Action item
Could you return all of the entries below exactly, minus the pictures?

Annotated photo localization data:
######
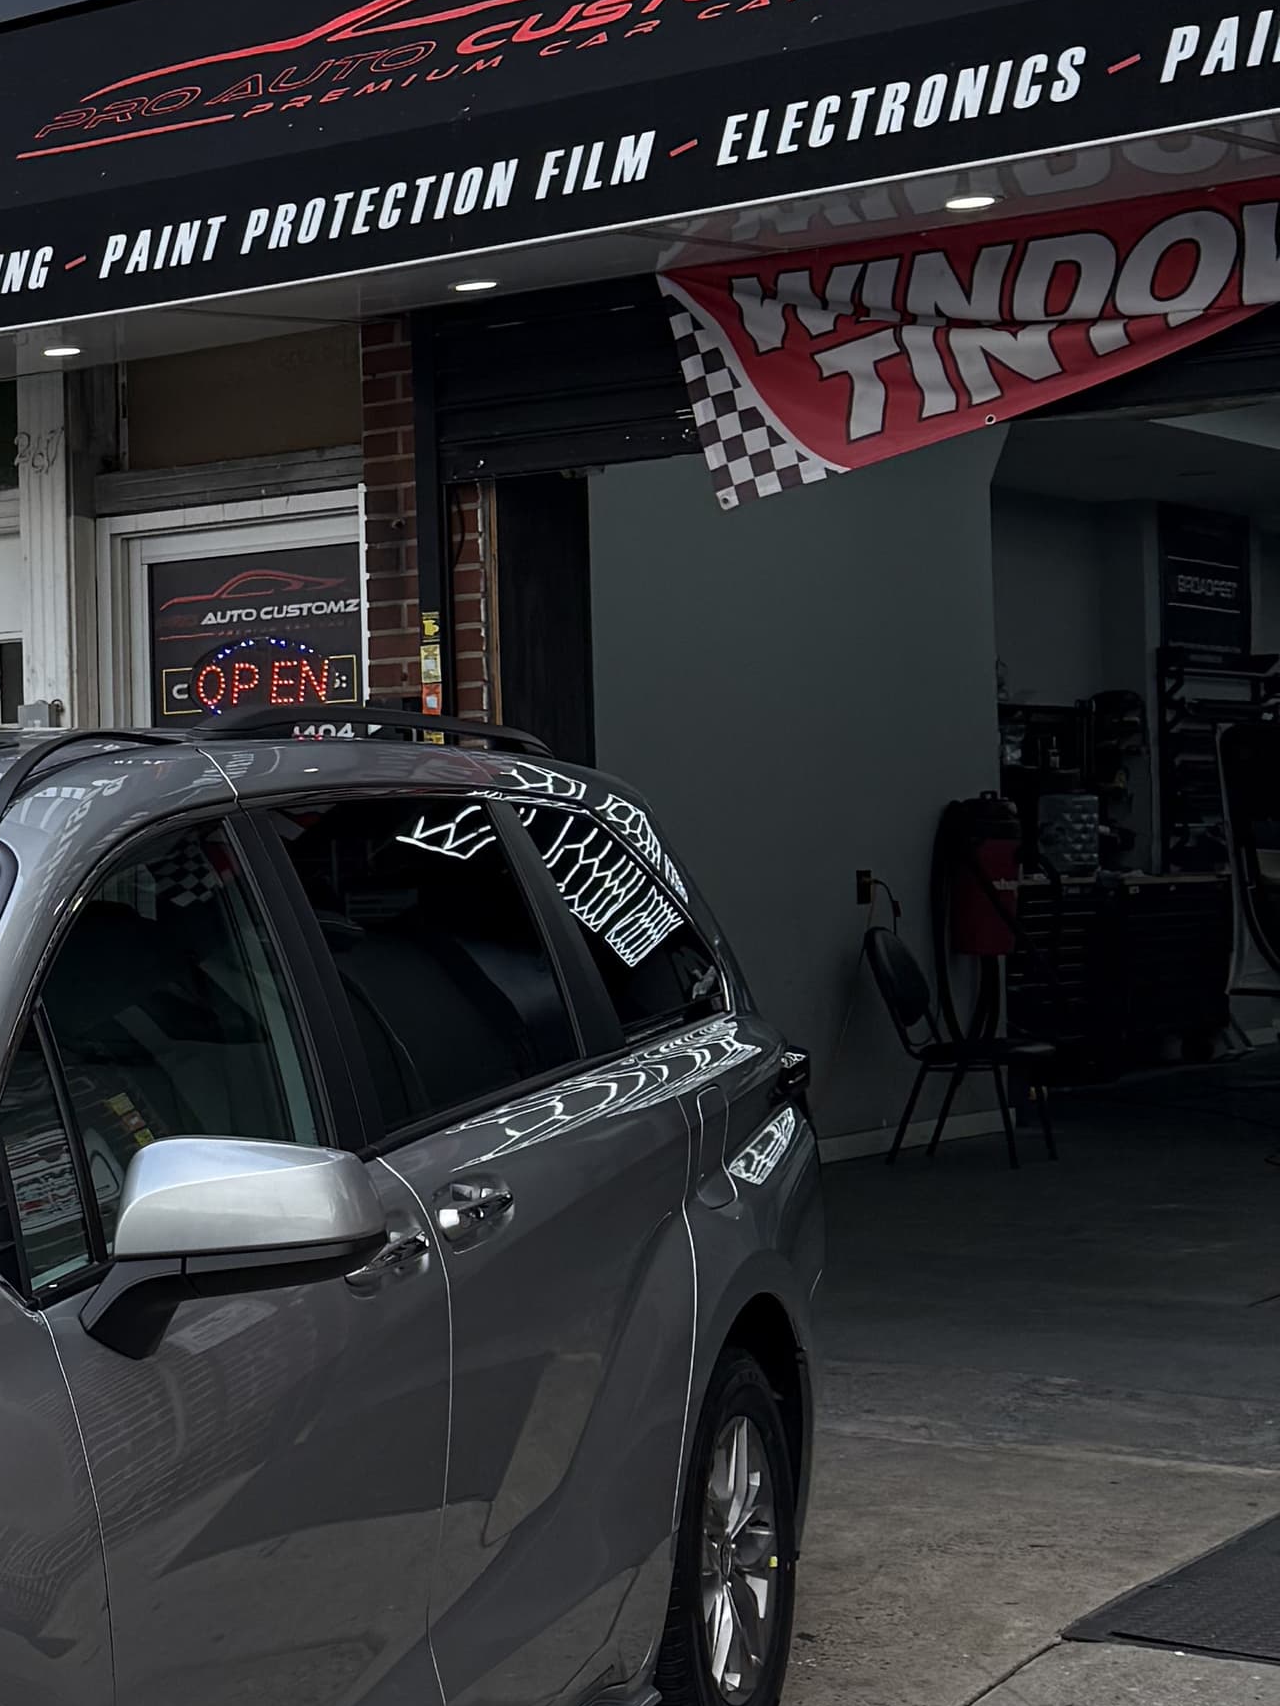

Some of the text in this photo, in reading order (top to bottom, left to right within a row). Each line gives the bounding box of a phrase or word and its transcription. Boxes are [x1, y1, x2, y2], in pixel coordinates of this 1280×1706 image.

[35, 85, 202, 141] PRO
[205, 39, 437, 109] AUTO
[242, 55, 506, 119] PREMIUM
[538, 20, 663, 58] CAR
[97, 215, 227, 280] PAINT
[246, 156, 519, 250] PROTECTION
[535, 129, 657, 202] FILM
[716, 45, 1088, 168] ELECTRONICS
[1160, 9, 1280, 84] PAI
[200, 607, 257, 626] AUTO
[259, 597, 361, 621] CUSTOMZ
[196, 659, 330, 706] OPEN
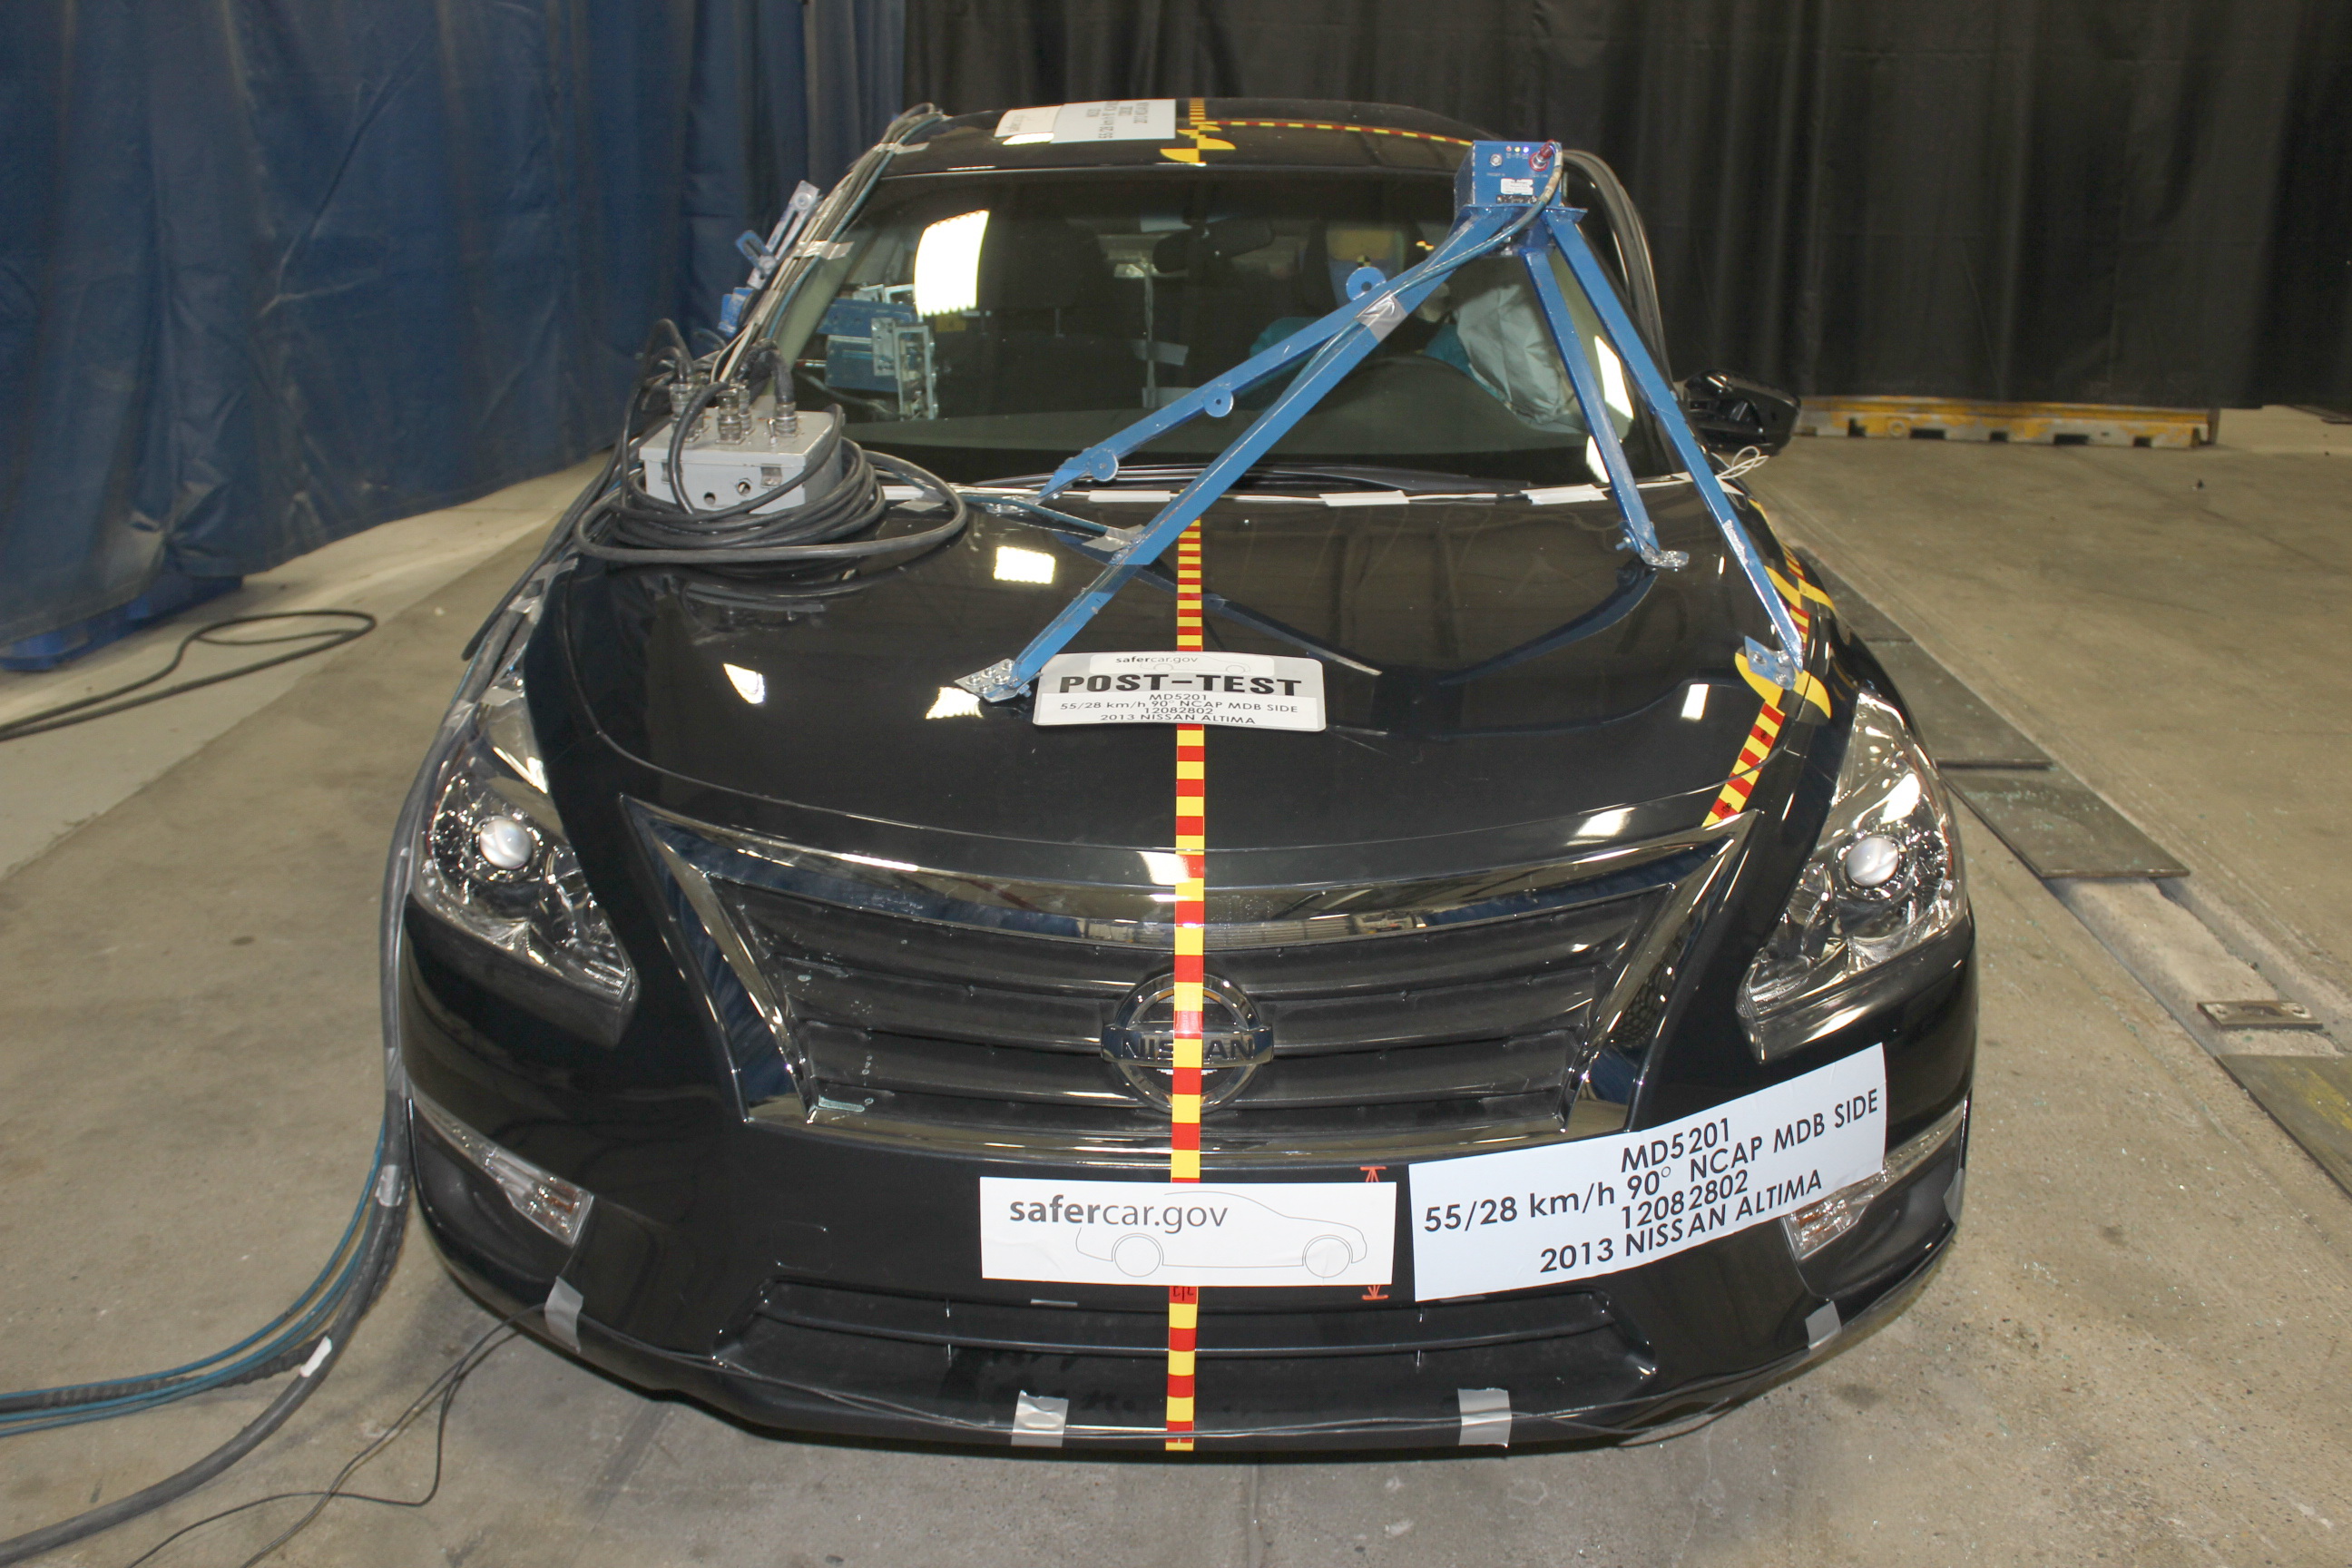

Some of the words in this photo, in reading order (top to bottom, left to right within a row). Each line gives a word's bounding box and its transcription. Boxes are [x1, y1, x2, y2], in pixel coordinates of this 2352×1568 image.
######
Answer to the problem
Some of the text in this photo, in reading order (top to bottom, left to right within a row). Each line gives the bounding box of a phrase or word and its transcription. Boxes are [x1, y1, x2, y2], in pixel coordinates of this 1280×1706 image.

[35, 85, 202, 141] PRO
[205, 39, 437, 109] AUTO
[242, 55, 506, 119] PREMIUM
[538, 20, 663, 58] CAR
[97, 215, 227, 280] PAINT
[246, 156, 519, 250] PROTECTION
[535, 129, 657, 202] FILM
[716, 45, 1088, 168] ELECTRONICS
[1160, 9, 1280, 84] PAI
[200, 607, 257, 626] AUTO
[259, 597, 361, 621] CUSTOMZ
[196, 659, 330, 706] OPEN

Some of the words in this photo, in reading order (top to bottom, left to right within a row). Each line gives a word's bounding box and its transcription. Boxes are [x1, y1, x2, y2], in pixel coordinates of this 2352×1568 image.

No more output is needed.